Problem description
Pictures aside, write every record out again word for word.
· · · ·
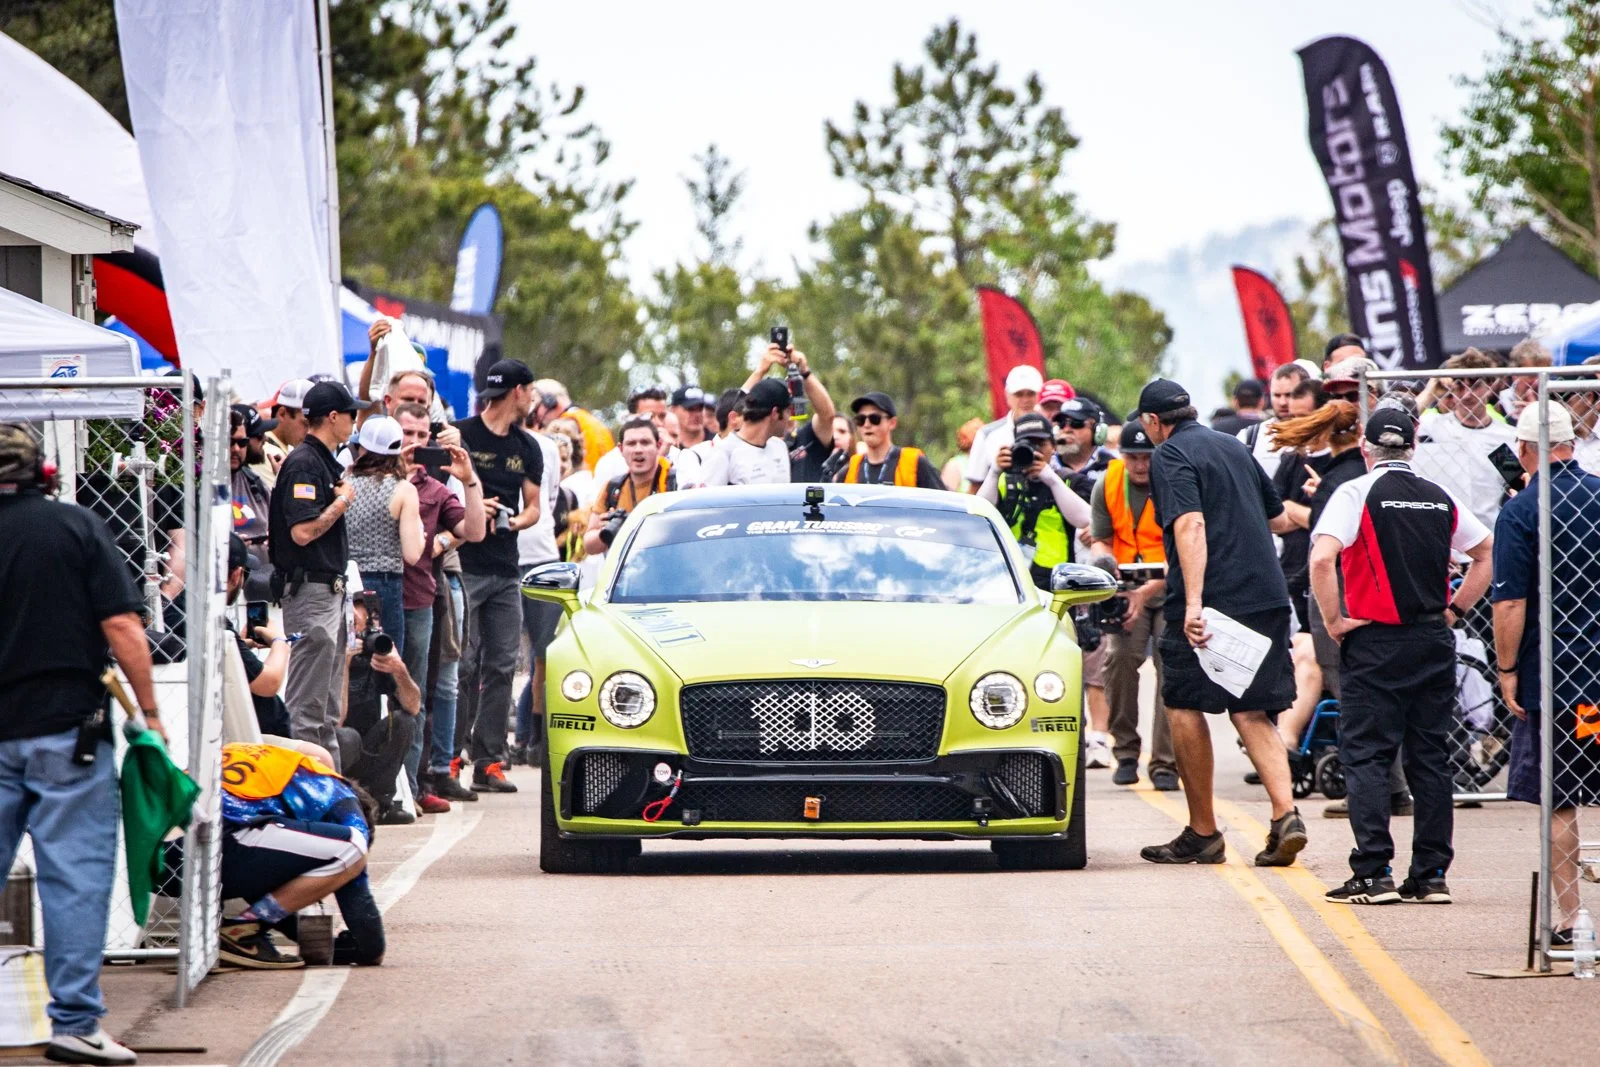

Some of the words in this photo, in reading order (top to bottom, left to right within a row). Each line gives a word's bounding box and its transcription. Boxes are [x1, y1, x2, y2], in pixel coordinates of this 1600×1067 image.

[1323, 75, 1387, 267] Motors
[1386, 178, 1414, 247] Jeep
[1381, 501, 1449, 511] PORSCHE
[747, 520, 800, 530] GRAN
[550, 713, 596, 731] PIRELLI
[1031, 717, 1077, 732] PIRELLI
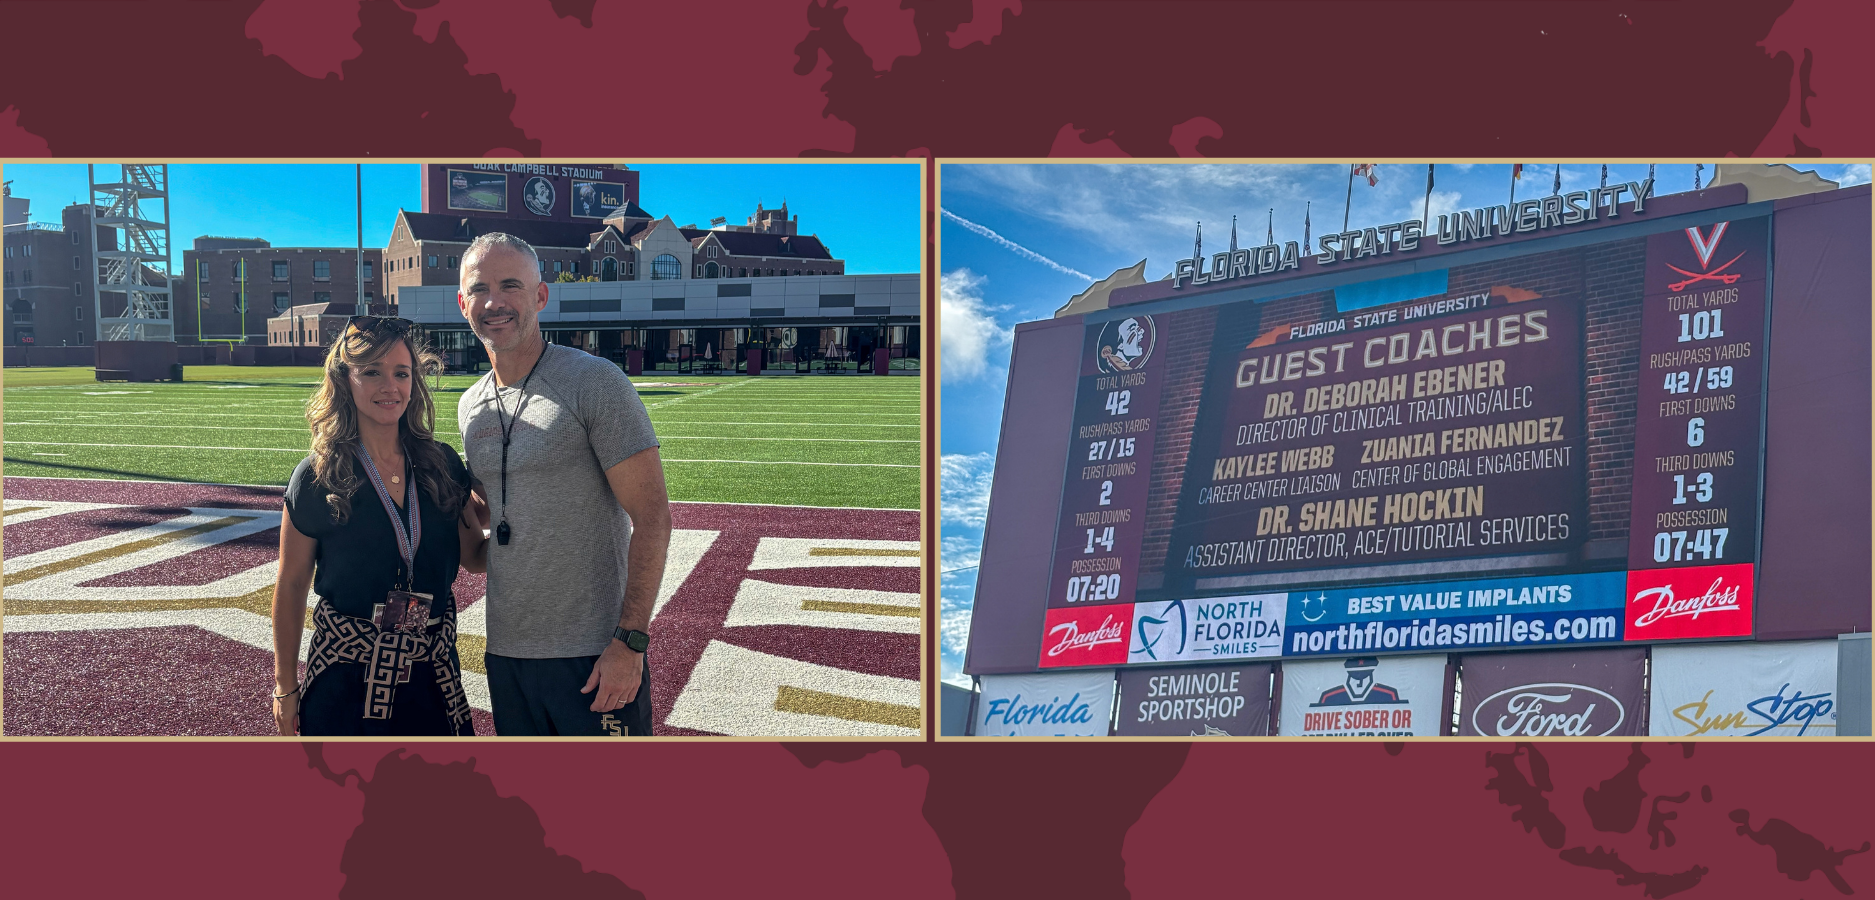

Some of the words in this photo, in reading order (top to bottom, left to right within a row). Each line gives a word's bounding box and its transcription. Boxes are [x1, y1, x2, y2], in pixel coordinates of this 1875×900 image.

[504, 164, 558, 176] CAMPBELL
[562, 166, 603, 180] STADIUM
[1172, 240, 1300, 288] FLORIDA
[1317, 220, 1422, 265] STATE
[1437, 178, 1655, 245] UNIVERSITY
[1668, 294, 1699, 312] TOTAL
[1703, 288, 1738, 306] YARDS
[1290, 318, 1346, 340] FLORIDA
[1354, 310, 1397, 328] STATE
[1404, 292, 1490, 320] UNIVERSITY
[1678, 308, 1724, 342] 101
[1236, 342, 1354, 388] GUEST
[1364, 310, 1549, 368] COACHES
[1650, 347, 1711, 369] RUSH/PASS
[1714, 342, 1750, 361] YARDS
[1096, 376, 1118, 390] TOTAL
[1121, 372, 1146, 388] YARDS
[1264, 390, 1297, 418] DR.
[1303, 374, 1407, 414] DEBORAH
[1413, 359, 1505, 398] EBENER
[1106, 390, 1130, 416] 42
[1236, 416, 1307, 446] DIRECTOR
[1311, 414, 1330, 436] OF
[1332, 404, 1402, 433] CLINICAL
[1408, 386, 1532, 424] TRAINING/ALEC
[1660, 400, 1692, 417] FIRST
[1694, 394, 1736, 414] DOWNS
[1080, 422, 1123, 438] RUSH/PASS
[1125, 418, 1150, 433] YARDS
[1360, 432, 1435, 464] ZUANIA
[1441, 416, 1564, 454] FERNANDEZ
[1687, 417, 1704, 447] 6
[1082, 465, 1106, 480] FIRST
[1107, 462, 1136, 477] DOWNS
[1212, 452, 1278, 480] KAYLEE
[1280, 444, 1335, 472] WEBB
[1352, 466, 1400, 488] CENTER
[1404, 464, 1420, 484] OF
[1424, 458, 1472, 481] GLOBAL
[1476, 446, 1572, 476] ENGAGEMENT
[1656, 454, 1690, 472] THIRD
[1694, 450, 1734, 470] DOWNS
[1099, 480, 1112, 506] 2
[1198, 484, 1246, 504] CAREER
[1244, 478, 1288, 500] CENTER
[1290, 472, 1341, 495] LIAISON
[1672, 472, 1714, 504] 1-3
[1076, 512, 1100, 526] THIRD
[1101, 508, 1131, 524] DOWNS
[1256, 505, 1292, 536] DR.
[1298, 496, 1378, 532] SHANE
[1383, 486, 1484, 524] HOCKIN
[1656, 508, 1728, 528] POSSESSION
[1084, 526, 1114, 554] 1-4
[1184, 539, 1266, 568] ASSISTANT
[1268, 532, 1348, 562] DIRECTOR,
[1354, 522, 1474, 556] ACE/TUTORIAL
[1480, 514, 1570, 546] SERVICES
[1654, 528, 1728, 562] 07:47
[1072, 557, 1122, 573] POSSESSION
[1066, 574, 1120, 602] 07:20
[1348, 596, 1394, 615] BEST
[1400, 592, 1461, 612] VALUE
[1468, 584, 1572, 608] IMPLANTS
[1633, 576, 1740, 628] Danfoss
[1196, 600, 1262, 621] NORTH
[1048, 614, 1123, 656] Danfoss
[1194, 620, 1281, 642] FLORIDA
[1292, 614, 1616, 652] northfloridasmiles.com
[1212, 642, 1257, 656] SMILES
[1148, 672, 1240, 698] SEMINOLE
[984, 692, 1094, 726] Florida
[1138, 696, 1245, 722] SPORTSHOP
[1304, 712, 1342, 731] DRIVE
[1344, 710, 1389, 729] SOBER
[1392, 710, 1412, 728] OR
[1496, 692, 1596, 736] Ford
· · · ·
Result for this task
Some of the words in this photo, in reading order (top to bottom, left to right within a row). Each line gives a word's bounding box and its transcription. Boxes are [x1, y1, x2, y2], in pixel coordinates of this 1600×1067 image.

[1323, 75, 1387, 267] Motors
[1386, 178, 1414, 247] Jeep
[1381, 501, 1449, 511] PORSCHE
[747, 520, 800, 530] GRAN
[550, 713, 596, 731] PIRELLI
[1031, 717, 1077, 732] PIRELLI

Some of the words in this photo, in reading order (top to bottom, left to right within a row). Each line gives a word's bounding box and its transcription. Boxes are [x1, y1, x2, y2], in pixel coordinates of this 1875×900 image.

[504, 164, 558, 176] CAMPBELL
[562, 166, 603, 180] STADIUM
[1172, 240, 1300, 288] FLORIDA
[1317, 220, 1422, 265] STATE
[1437, 178, 1655, 245] UNIVERSITY
[1668, 294, 1699, 312] TOTAL
[1703, 288, 1738, 306] YARDS
[1290, 318, 1346, 340] FLORIDA
[1354, 310, 1397, 328] STATE
[1404, 292, 1490, 320] UNIVERSITY
[1678, 308, 1724, 342] 101
[1236, 342, 1354, 388] GUEST
[1364, 310, 1549, 368] COACHES
[1650, 347, 1711, 369] RUSH/PASS
[1714, 342, 1750, 361] YARDS
[1096, 376, 1118, 390] TOTAL
[1121, 372, 1146, 388] YARDS
[1264, 390, 1297, 418] DR.
[1303, 374, 1407, 414] DEBORAH
[1413, 359, 1505, 398] EBENER
[1106, 390, 1130, 416] 42
[1236, 416, 1307, 446] DIRECTOR
[1311, 414, 1330, 436] OF
[1332, 404, 1402, 433] CLINICAL
[1408, 386, 1532, 424] TRAINING/ALEC
[1660, 400, 1692, 417] FIRST
[1694, 394, 1736, 414] DOWNS
[1080, 422, 1123, 438] RUSH/PASS
[1125, 418, 1150, 433] YARDS
[1360, 432, 1435, 464] ZUANIA
[1441, 416, 1564, 454] FERNANDEZ
[1687, 417, 1704, 447] 6
[1082, 465, 1106, 480] FIRST
[1107, 462, 1136, 477] DOWNS
[1212, 452, 1278, 480] KAYLEE
[1280, 444, 1335, 472] WEBB
[1352, 466, 1400, 488] CENTER
[1404, 464, 1420, 484] OF
[1424, 458, 1472, 481] GLOBAL
[1476, 446, 1572, 476] ENGAGEMENT
[1656, 454, 1690, 472] THIRD
[1694, 450, 1734, 470] DOWNS
[1099, 480, 1112, 506] 2
[1198, 484, 1246, 504] CAREER
[1244, 478, 1288, 500] CENTER
[1290, 472, 1341, 495] LIAISON
[1672, 472, 1714, 504] 1-3
[1076, 512, 1100, 526] THIRD
[1101, 508, 1131, 524] DOWNS
[1256, 505, 1292, 536] DR.
[1298, 496, 1378, 532] SHANE
[1383, 486, 1484, 524] HOCKIN
[1656, 508, 1728, 528] POSSESSION
[1084, 526, 1114, 554] 1-4
[1184, 539, 1266, 568] ASSISTANT
[1268, 532, 1348, 562] DIRECTOR,
[1354, 522, 1474, 556] ACE/TUTORIAL
[1480, 514, 1570, 546] SERVICES
[1654, 528, 1728, 562] 07:47
[1072, 557, 1122, 573] POSSESSION
[1066, 574, 1120, 602] 07:20
[1348, 596, 1394, 615] BEST
[1400, 592, 1461, 612] VALUE
[1468, 584, 1572, 608] IMPLANTS
[1633, 576, 1740, 628] Danfoss
[1196, 600, 1262, 621] NORTH
[1048, 614, 1123, 656] Danfoss
[1194, 620, 1281, 642] FLORIDA
[1292, 614, 1616, 652] northfloridasmiles.com
[1212, 642, 1257, 656] SMILES
[1148, 672, 1240, 698] SEMINOLE
[984, 692, 1094, 726] Florida
[1138, 696, 1245, 722] SPORTSHOP
[1304, 712, 1342, 731] DRIVE
[1344, 710, 1389, 729] SOBER
[1392, 710, 1412, 728] OR
[1496, 692, 1596, 736] Ford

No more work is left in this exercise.